After mixing of the cement with water, most of the anhydride products sustain the hydration process and this leads to the hydrate products, e.g. CSH, Ca(OH)2, Afm and Aft. The mentioned hydration process is a highly complex phenomenon involving the chemically based thermo-activation inside the cement mortars during the early age hydration process. The chemo-thermal hydration reactions drasticaly increase at the early age of hydration after the mixing action and then it becomes less important and turns to be nearly asymptotic. The progress of the hydration phenomenon drives the material properties change during the very early age of cement hydration. Regarding the mortar and concrete, such hydration process would not be homogeneous through the cement matrix due to the aggregates presence. These inclusions will affect the temperature distribution as well as degree of hydration. In the current contribution, the chemical and thermal hydration have been firstly investigated by means of SEM observations using replica method and secondly by the 3D-FEM numerical experiments including two different case studies using glass beads as aggregates. The numerical experiments match fairly good the experimental measurements obtained using a pseudo-adiabatic testing setup for the case studies herein. The scanning electron microscopy (SEM) images observation demonstrates the gap spaces around the glass beads next to the external surfaces. These gaps can be essentially seen for the multi-glass beads case study. The role of the temperature and degree of hydration gradients are clearly obtained using the numerical samples.
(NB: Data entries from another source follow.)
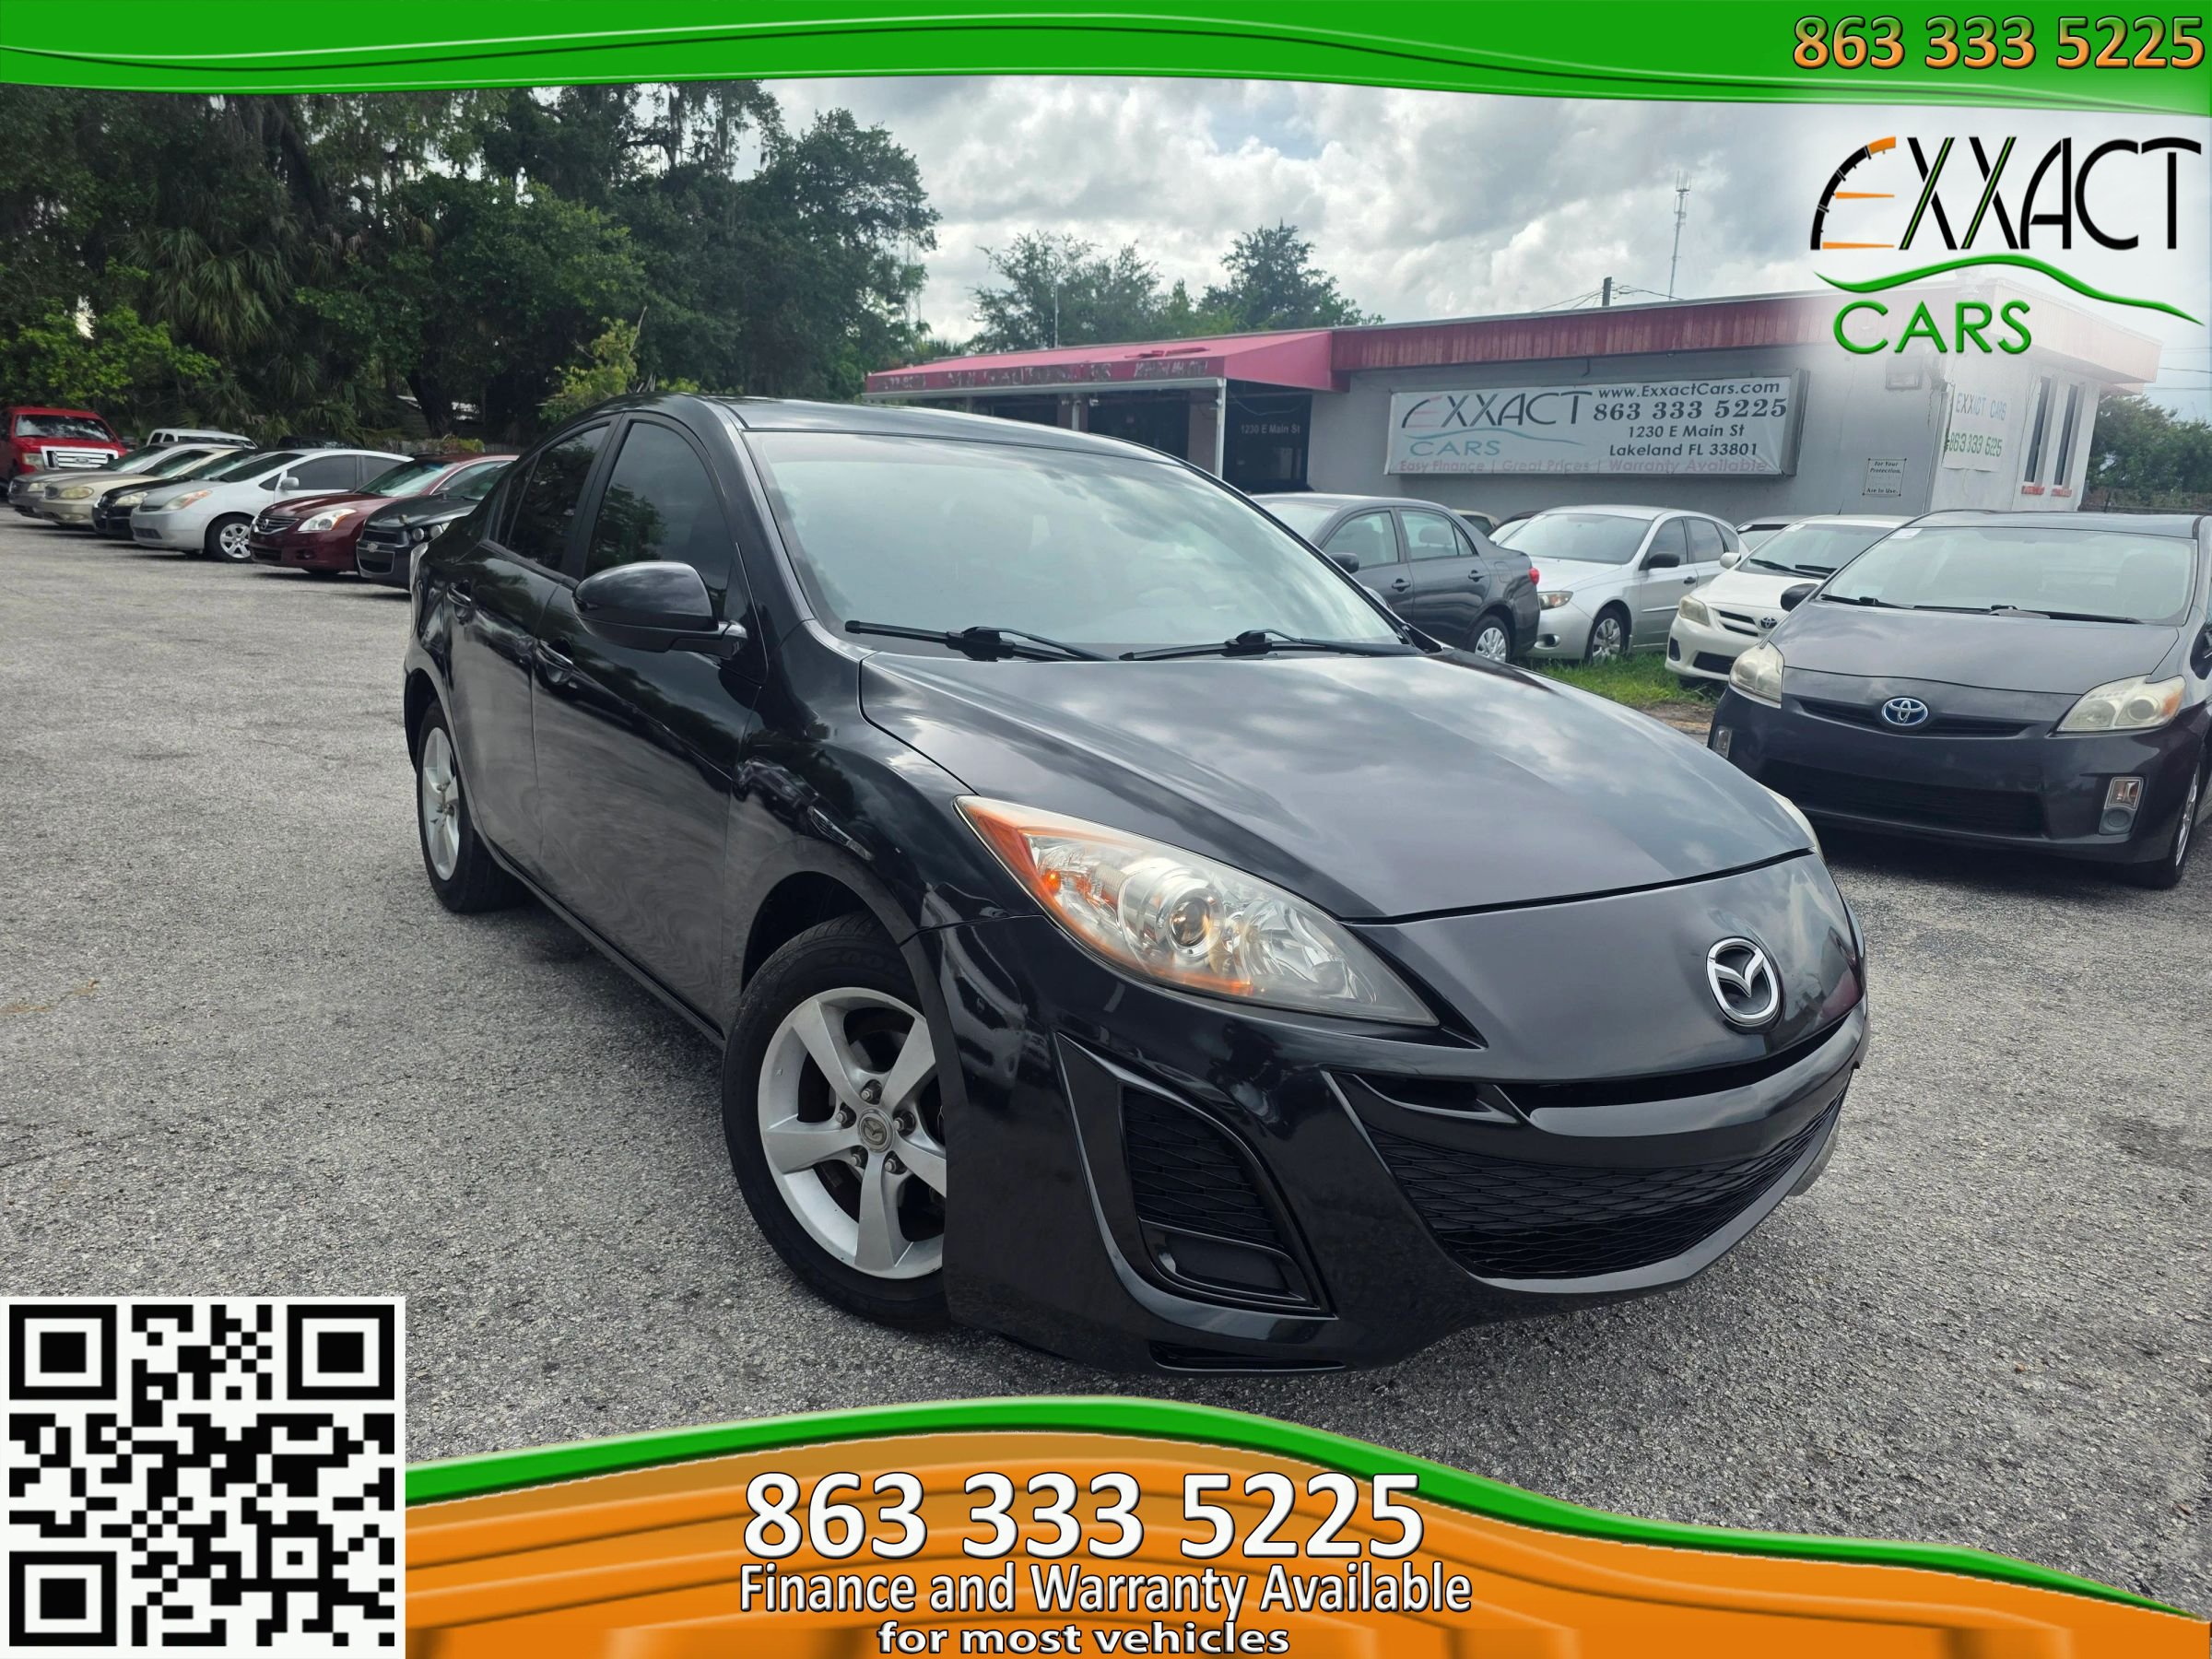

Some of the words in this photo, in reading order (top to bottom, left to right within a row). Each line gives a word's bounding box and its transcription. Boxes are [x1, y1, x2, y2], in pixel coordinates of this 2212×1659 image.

[1599, 382, 1780, 398] www.ExxactCars.com
[1402, 391, 1593, 428] EXXACT
[1594, 403, 1641, 420] 863
[1653, 401, 1702, 419] 333
[1714, 398, 1787, 418] 5225
[1629, 426, 1664, 438] 1230
[1669, 426, 1677, 437] E
[1682, 424, 1724, 437] Main
[1729, 424, 1745, 437] St
[1410, 441, 1500, 456] CARS
[1610, 443, 1682, 456] Lakeland
[1688, 444, 1704, 455] FL
[1709, 443, 1757, 455] 33801
[1400, 461, 1430, 473] Easy
[1432, 461, 1484, 472] Finance
[1502, 461, 1542, 472] Great
[1547, 461, 1590, 472] Prices
[1608, 460, 1681, 474] Warranty
[1685, 459, 1768, 472] Available
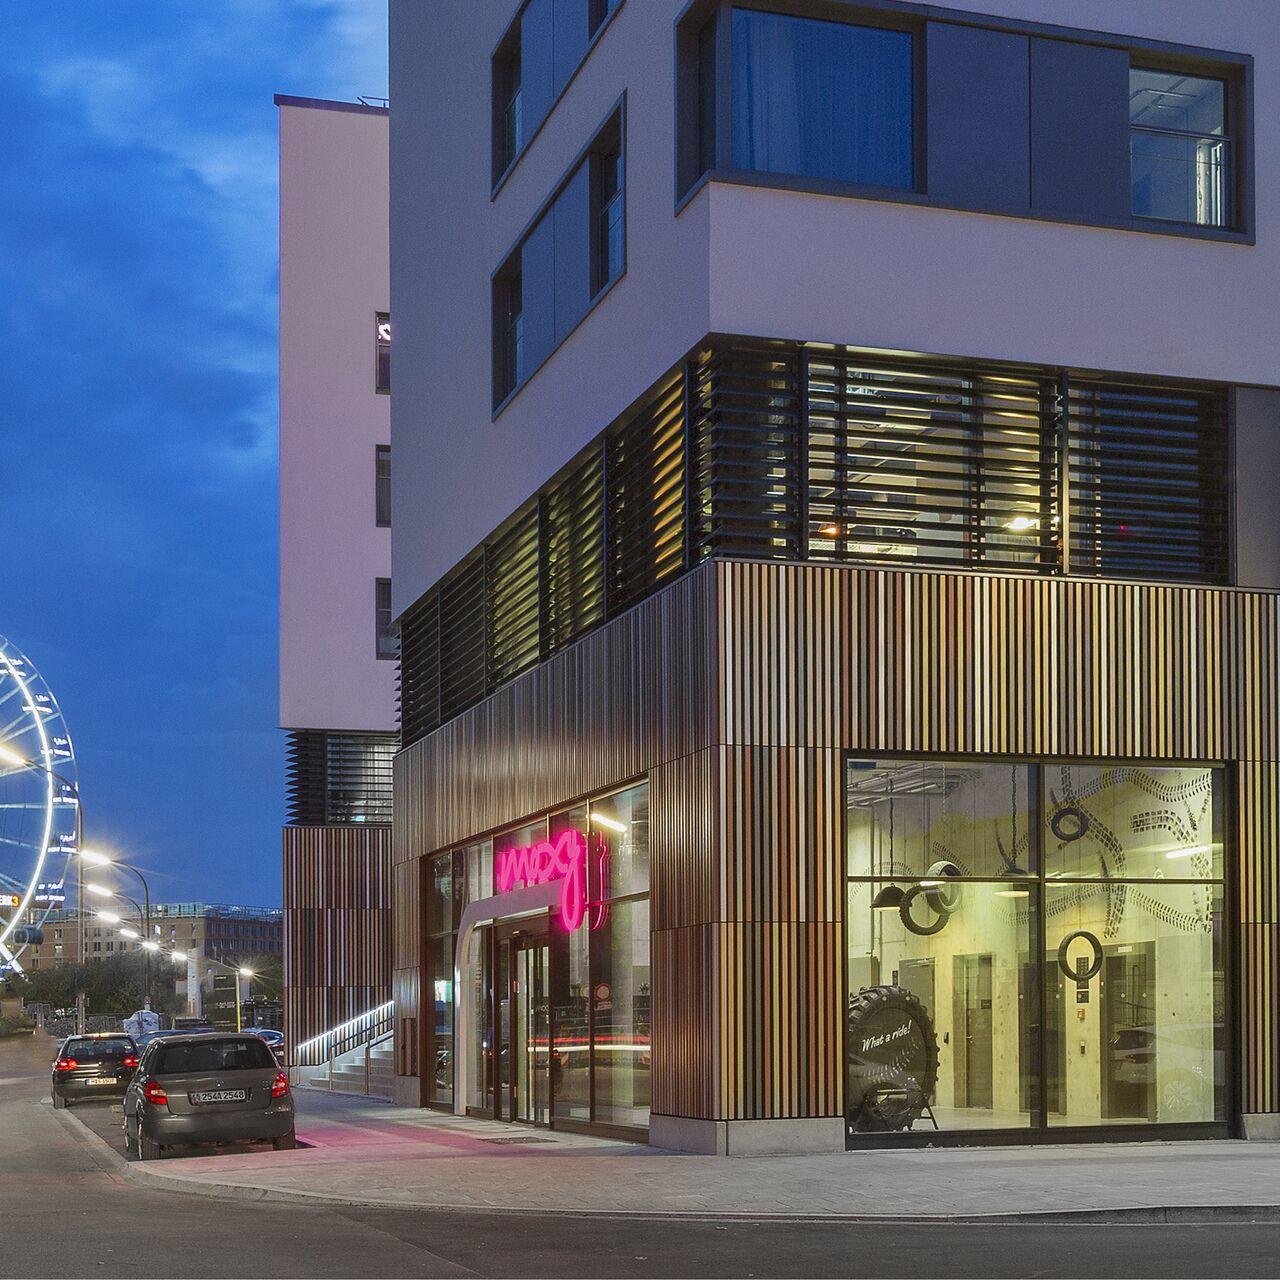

Some fresh routes and outlooks have been afterwards discussed.

Highlights

  • The scientific goal of the present paper is to model the heat release impact and the related hydration level evolution during the very early age of the cementitious materials which are well known as heterogeneous materials

  • At very earlyage and early age, the thermal behavior of cement matrices is driven by a thermo-chemical coupling between the progress of cement hydration reactions and the heat release rate associated with the aforementioned reactions

  • The modeling results have been compared to the micro-structural observations of the cement paste/aggregates interfacial zone of cement matrices extracted by the scanning electron microscopy images using the replica method [22]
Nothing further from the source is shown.